Women of the Early Church: A Gallery
Anthusa lived from c. 330 to 374 A.D. in Antioch. Widowed at the age of 20, she is remembered for her influence in the life of her son, John Chrysostom, one of the greatest preachers and leaders of the 4th-century church. Her contemporaries tell us Anthusa was cultured, attractive, and from a wealthy family. Yet she chose to not remarry after her husband’s death, deciding instead to devote herself to rearing her two children, John and his sister.
John later wrote that his mother not only taught her children to know and love the teachings of the Bible, but also that her very life was a model of biblical teaching. A student of law, rhetoric and the Scriptures, John was ordained by Bishop Meletius and later became bishop of Constantinople. A zealous missionary himself, he inspired numerous others to serve as missionaries. And he always emphasized that a crucial factor to effective evangelism is for Christians to be living examples of Christ-centeredness. Surely he learned something of this from his mother Anthusa.
Chrysostom is known as the writer of numerous biblical commentaries, and as one of the most articulate and influential spokesmen for Christianity in his era. So much so, in fact, that the Empress Eudoxia tried in Chrysostom’s later years to silence the preacher by banishing him. Chrysostom deeply revered his mother, admiring her prayers and her faith, and cared for her until her death. We don’t know much else about Anthusa, but we know she had great positive influence, at the least by way of her influential son.
Candace was a queen of Ethiopia, the one mentioned in Acts 8:27 in the story of Philip witnessing to an Ethiopian eunuch who was this queen’s treasurer. Tradition tells us that Queen Candace was converted to Christ through the eunuch’s testimony, and that her conversion caused her to use her office to promote Christianity in Ethiopia and the surrounding countries. She and her husband reigned c. 25–41 A.D.
Cecilia was a martyr of the 2nd century, who is remembered not only for the circumstances of her martyrdom but also for her contributions to the church’s music. She is sometimes referred to as a patron saint of music. Tradition says she was the inspiration for the musical maiden described in “The Second Nun’s Tale” in Chaucer’s Canterbury Tales, and the painter Raphael painted her sitting at an organ. Her remains lie beneath the Church of St. Cecilia, at Trastavere in Rome.
According to the records, Cecilia decided at a fairly early age that she wanted to live a life of celibate devotion and service to God. But her parents disapproved of this idea, and thus proceeded to arrange her a marriage with a high-born young Roman. However, only a few hours before the time appointed for the wedding, both the groom and his brother became Christians. This was good news to Cecilia—but also bad news, because in those times of heavy imperial opposition to Christianity it meant the two brothers were almost immediately beheaded. Cecilia’s life was also threatened by the imperial forces, but she was not actually martyred for her faith until later, in Sicily.
Helena, a 4th-century Christian, is remembered for her influence in the life of her son Constantine, the first Christian ruler of the Roman Empire. She was married to Emperor Constantius Chlorus I, though he later divorced her for political reasons. Still, their son Constantine claimed a share of the imperial throne when his father died.

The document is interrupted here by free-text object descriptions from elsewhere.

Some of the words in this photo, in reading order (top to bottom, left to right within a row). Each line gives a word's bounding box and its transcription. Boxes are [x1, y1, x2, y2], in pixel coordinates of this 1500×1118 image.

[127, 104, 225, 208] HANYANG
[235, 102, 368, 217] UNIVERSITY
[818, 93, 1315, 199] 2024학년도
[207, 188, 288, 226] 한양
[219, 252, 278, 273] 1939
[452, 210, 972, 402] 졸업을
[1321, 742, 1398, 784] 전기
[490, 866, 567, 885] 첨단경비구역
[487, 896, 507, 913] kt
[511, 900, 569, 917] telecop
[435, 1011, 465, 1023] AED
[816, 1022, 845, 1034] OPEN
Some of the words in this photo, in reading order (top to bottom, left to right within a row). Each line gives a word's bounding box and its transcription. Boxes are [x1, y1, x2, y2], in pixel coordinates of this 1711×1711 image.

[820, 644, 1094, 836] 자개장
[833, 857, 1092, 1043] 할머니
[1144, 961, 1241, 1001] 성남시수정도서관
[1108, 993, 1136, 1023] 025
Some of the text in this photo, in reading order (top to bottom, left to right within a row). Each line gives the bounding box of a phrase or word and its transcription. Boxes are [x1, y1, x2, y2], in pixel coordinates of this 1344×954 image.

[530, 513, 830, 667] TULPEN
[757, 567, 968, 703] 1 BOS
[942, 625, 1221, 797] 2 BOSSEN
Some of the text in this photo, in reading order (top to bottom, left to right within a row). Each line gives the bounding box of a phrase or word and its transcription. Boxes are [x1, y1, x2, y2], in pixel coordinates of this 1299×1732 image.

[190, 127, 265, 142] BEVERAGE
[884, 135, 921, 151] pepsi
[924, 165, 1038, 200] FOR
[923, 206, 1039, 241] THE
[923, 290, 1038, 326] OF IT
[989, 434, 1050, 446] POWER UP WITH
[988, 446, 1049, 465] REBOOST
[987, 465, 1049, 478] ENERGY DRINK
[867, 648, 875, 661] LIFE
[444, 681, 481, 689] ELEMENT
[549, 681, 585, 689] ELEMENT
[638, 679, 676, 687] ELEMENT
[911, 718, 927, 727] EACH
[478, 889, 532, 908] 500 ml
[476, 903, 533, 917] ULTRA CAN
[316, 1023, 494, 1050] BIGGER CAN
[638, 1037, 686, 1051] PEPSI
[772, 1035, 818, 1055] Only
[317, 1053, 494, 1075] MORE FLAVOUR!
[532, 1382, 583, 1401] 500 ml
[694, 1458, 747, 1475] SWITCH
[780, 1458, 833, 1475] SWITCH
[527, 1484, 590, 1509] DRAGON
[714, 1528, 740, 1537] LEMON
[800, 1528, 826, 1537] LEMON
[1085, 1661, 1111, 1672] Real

It was on the eve of the decisive battle in Constantine’s quest for the emperorship that he claimed to have seen the vision that inspired him to become a Christian. After his conversion, Constantine sponsored the church’s first general council at Nicea, designated Sunday as a sacred day, appointed many Christians to high offices in the empire, and avowedly tried to use a Christian approach in the affairs of state. He publicly revered his mother, ordering that all honor due the mother of the emperor be paid to her. He named the city of Helenopolis for her, and ordered the casting of gold medals bearing her image and inscription.
Helena is credited with sponsoring the building of the Church of the Nativity at Bethlehem, as well as the Church of the Holy Sepulchre at Jerusalem. She was one of the first Christian pilgrims to tour the Holy Land, and apparently had a keen interest in finding and restoring revered historical sites, or at least building new church buildings on them. Tradition has it that she was successful in finding the actual sites of Jesus’ birth and resurrection and that she even found the actual cross upon which He died—though this last item is especially questioned by scholars.
Macrina, another 4th-century Christian woman, is known mostly today for the great influence she had on and with her brothers who became church leaders in Asia Minor: Basil the Great, bishop of Caesarea; Gregory, bishop of Nyssa; and Peter, bishop of Sebaste. Born to Christian parents in Cappadocia in 327, she and her brothers grew up in Pontus. Their father was an attorney and professor, and their mother, Emmelia, was recognized as “a godly woman.” Their grandparents were also influential Christians. Basil and Emmelia had 10 children, and Macrina was probably the eldest.
Macrina apparently was unusually well-educated for her time; in fact, she may have taught her brothers in their younger years. We know that she, after their mother died, took responsibility for the care and upbringing of young Peter, and that all three of her well-known brothers apparently had great respect for her.
Basil, recognizing her able intellect, arranged for her to receive a theological education—a great rarity for women in those days. Rare as her case was, it was she who reminded Basil, when he returned from some high-level studies in Athens, that he ought to stay humble.
About 355, while still in her 20s, Macrina established a religious community for women in Pontus. The monastic movement was still in its early stages, so this was pioneer work. It’s probable her cloister inspired Basil to start a companion monastery for men nearby, and served as a model for numerous other monasteries and convents.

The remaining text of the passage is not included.